### [PROBLEM TO SOLVE]
Copy exactly, and only, the lines that start at the line containing "this 1280×960 image." and end at the last line of the material below.

### [SOURCE MATERIAL]
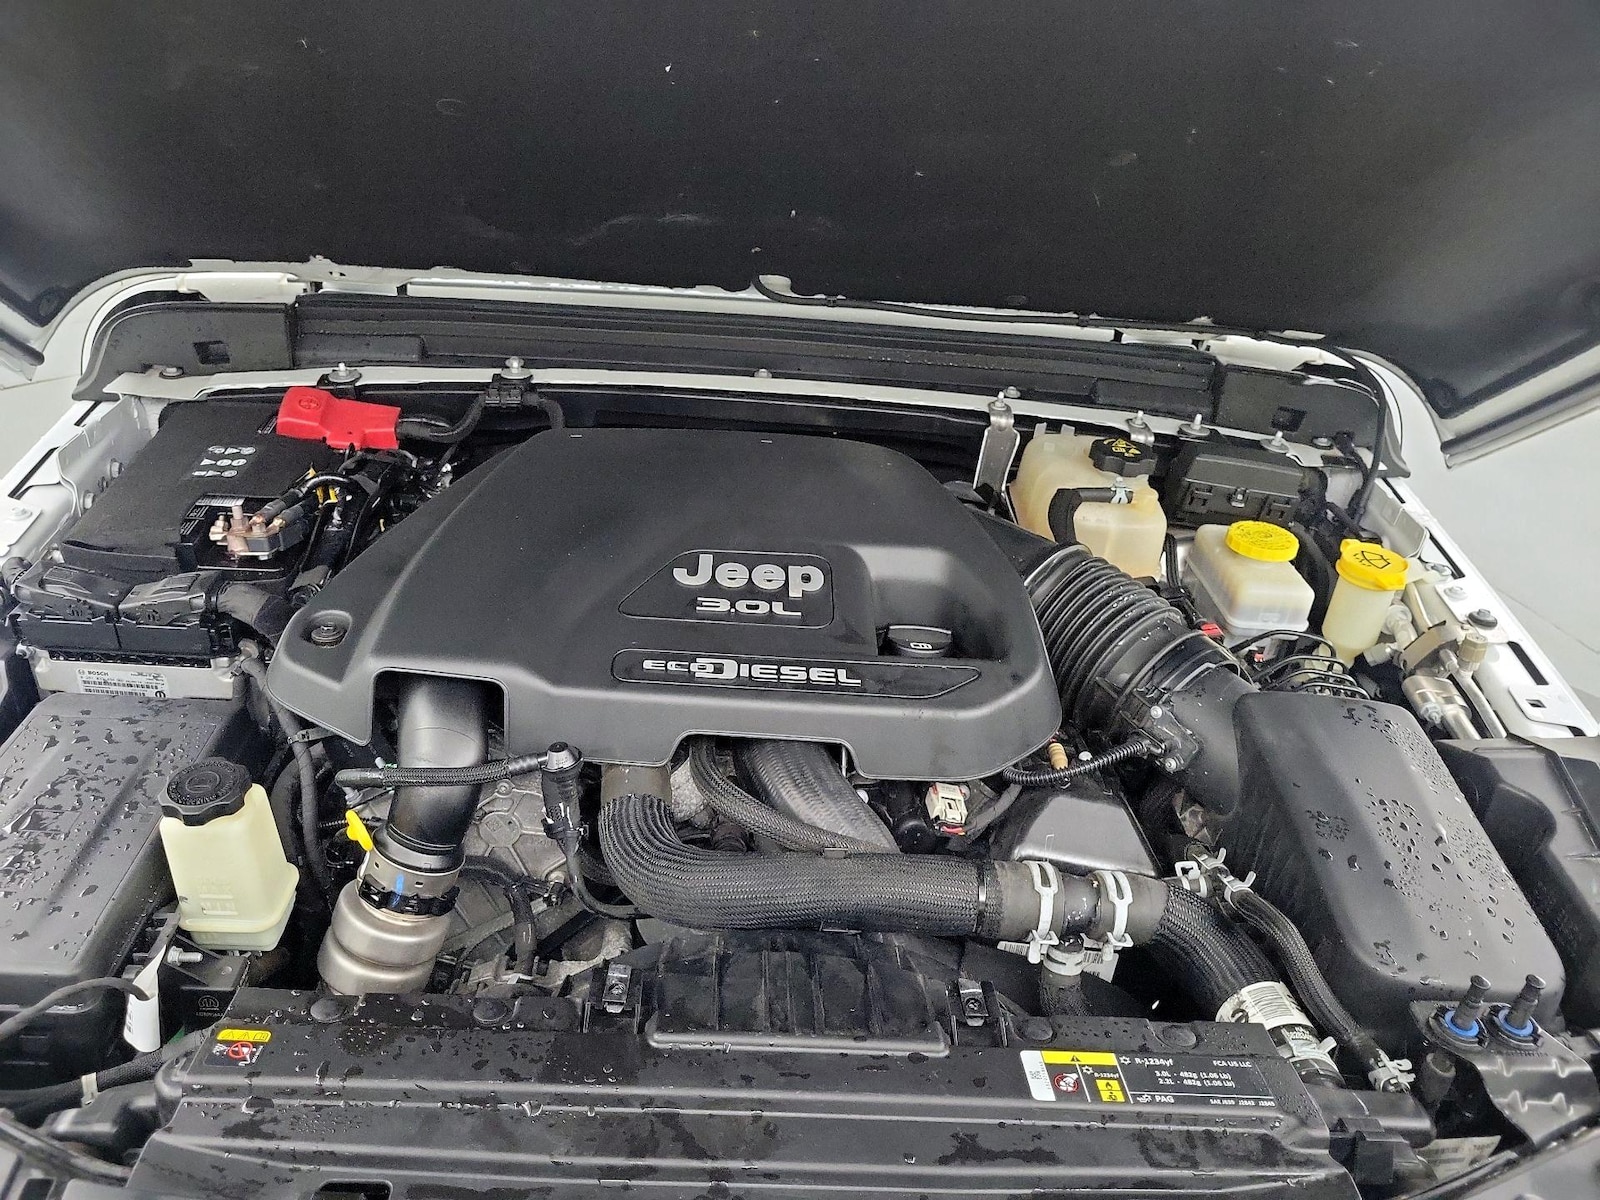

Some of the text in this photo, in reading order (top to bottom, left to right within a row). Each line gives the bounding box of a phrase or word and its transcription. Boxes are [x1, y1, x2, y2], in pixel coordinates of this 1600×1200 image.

[672, 554, 825, 599] Jeep
[695, 597, 802, 617] 3.0L
[1134, 1057, 1174, 1066] R-1234yf
[1154, 1095, 1175, 1103] PAG
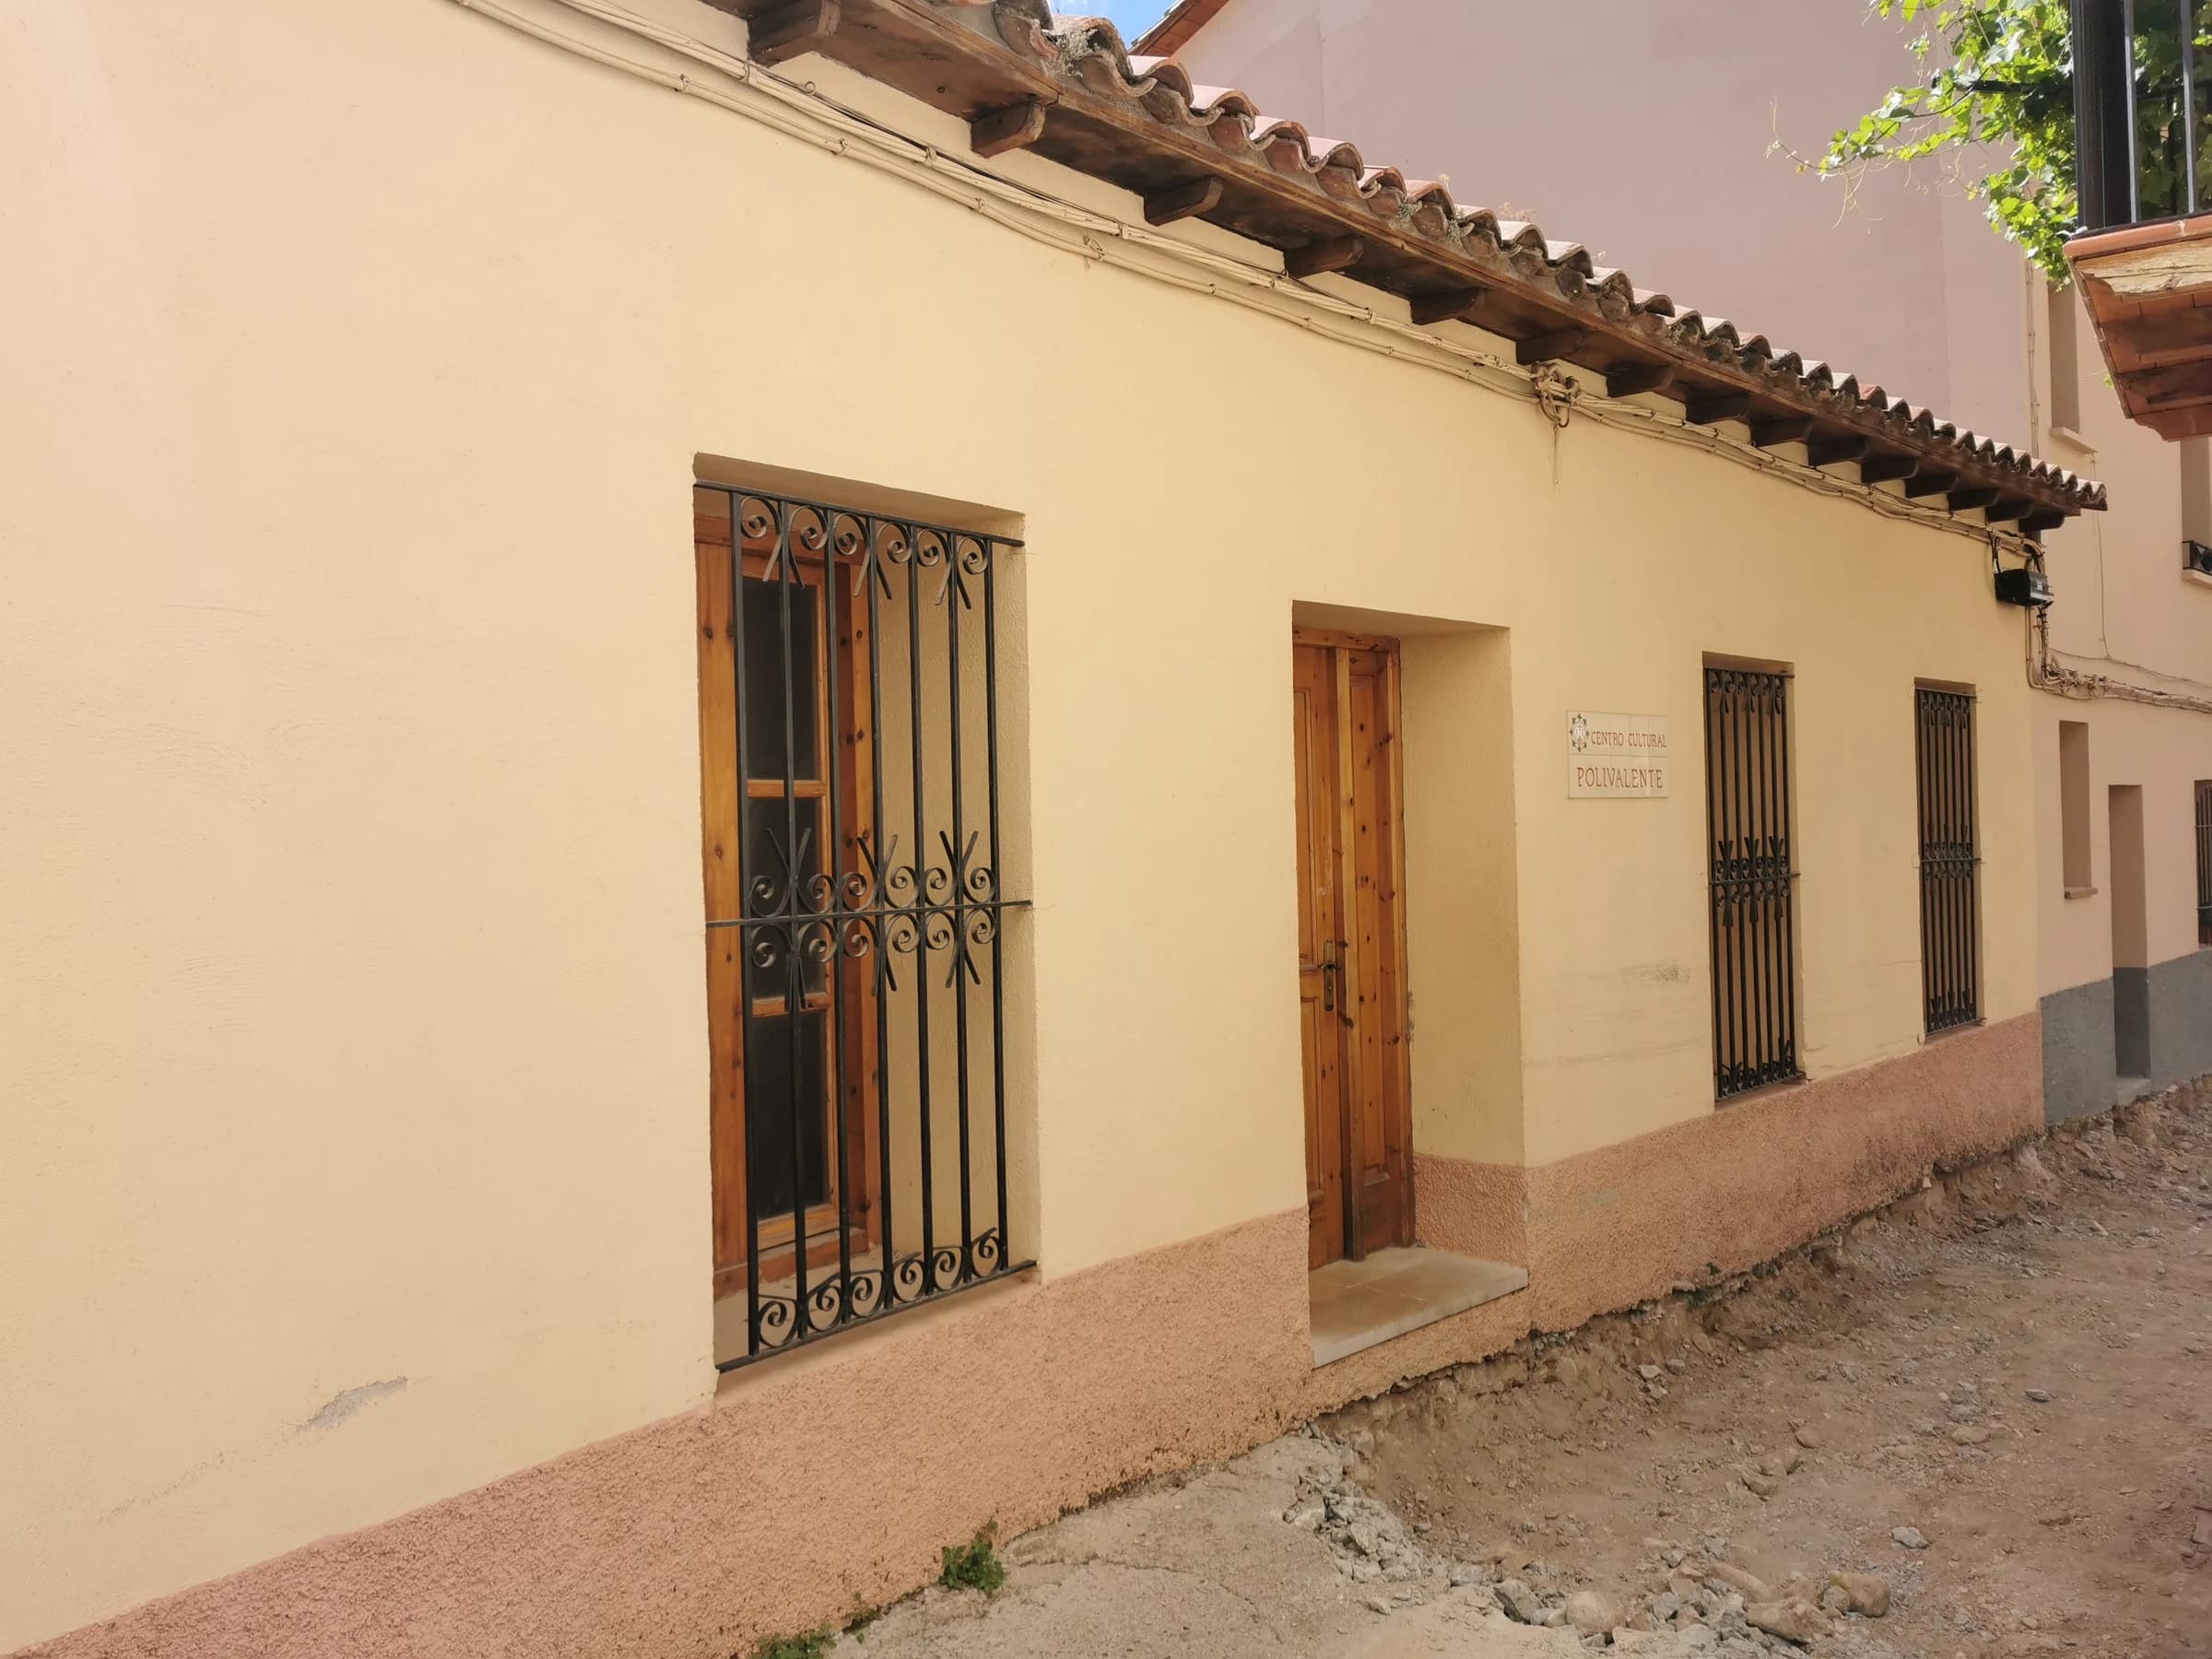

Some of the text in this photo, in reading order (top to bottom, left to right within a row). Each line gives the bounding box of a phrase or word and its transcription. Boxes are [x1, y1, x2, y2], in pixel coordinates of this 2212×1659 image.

[1591, 731, 1667, 748] CENTRO CULTURAL
[1576, 767, 1664, 789] POLIVALENTE
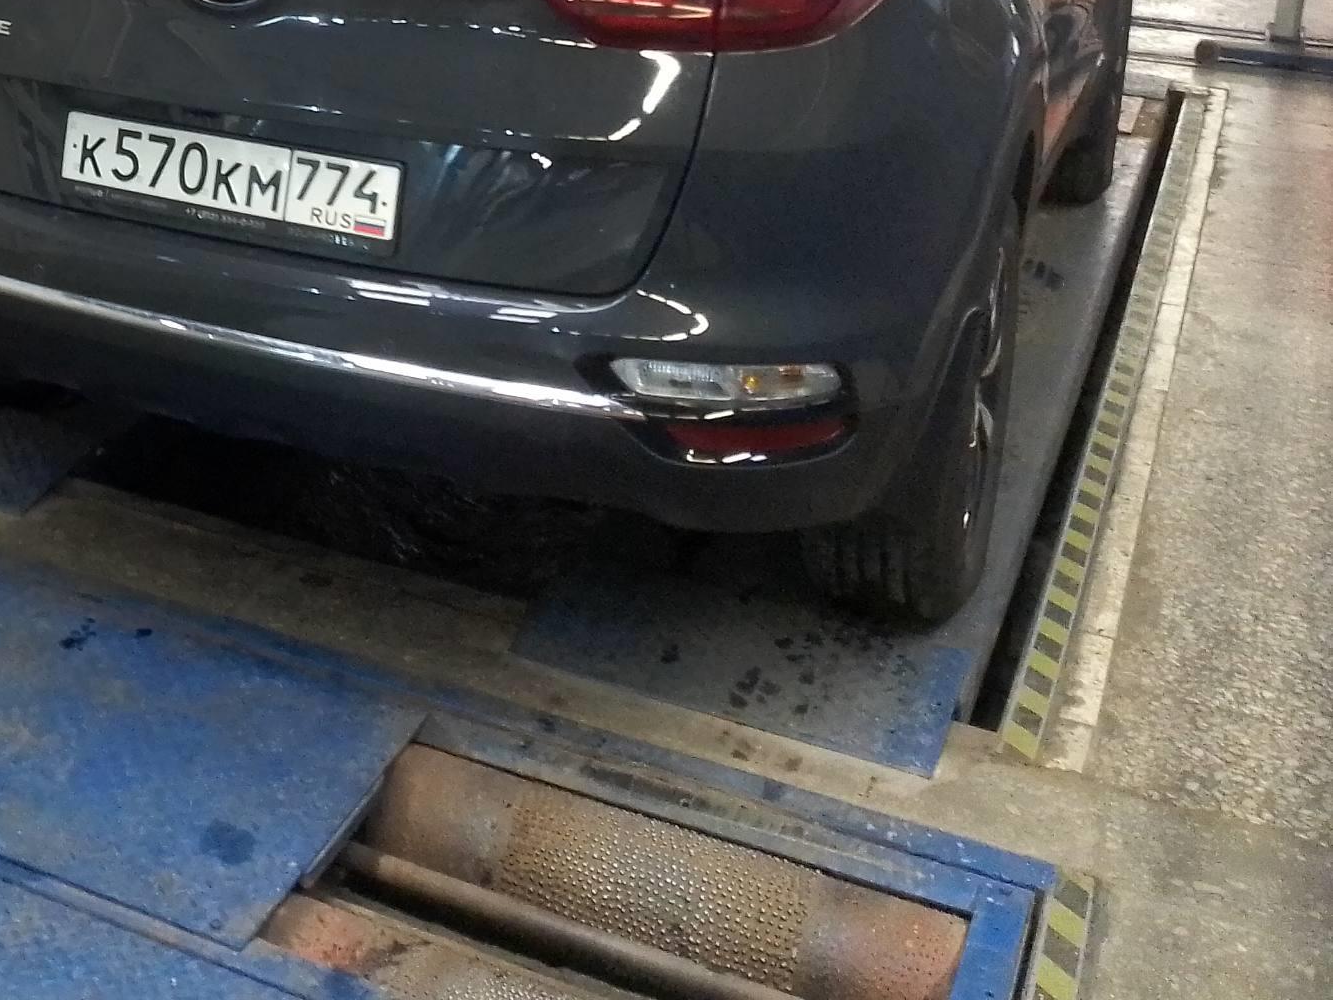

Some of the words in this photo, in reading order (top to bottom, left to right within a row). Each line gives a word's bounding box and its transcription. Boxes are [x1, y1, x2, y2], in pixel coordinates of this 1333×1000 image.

[78, 127, 283, 212] К570КМ
[296, 156, 378, 214] 774
[310, 207, 352, 229] RUS
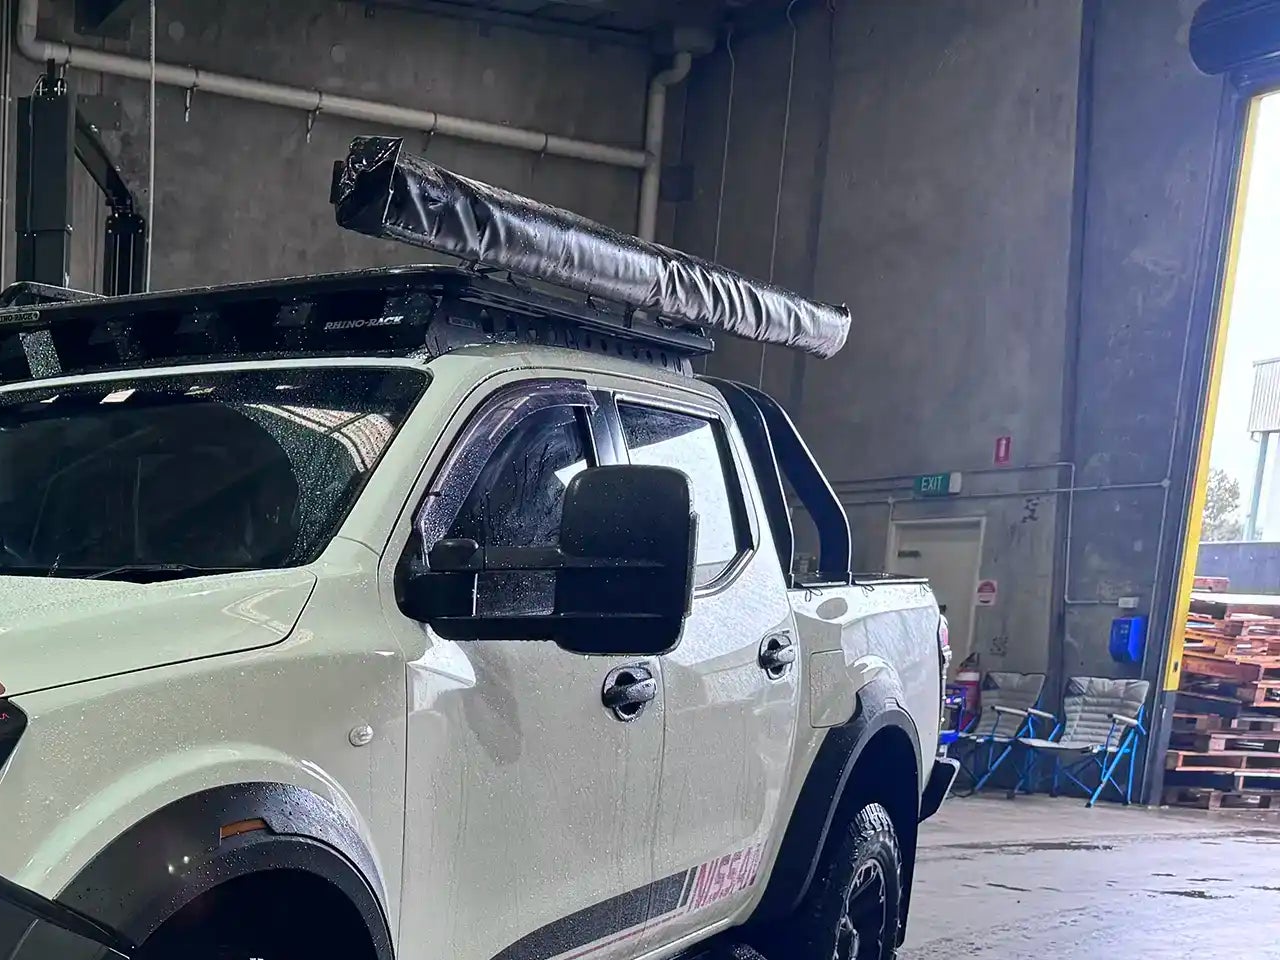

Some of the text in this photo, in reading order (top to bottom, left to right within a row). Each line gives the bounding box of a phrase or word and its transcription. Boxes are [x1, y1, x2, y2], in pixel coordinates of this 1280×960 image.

[324, 316, 404, 330] RHINO-RACK
[921, 476, 943, 491] EXIT
[692, 847, 759, 909] NISSAN

### [TASK RESPONSE]
Some of the text in this photo, in reading order (top to bottom, left to right within a row). Each line gives the bounding box of a phrase or word and its transcription. Boxes are [x1, y1, x2, y2], in pixel coordinates of this 1280×960 image.

[324, 316, 404, 330] RHINO-RACK
[921, 476, 943, 491] EXIT
[692, 847, 759, 909] NISSAN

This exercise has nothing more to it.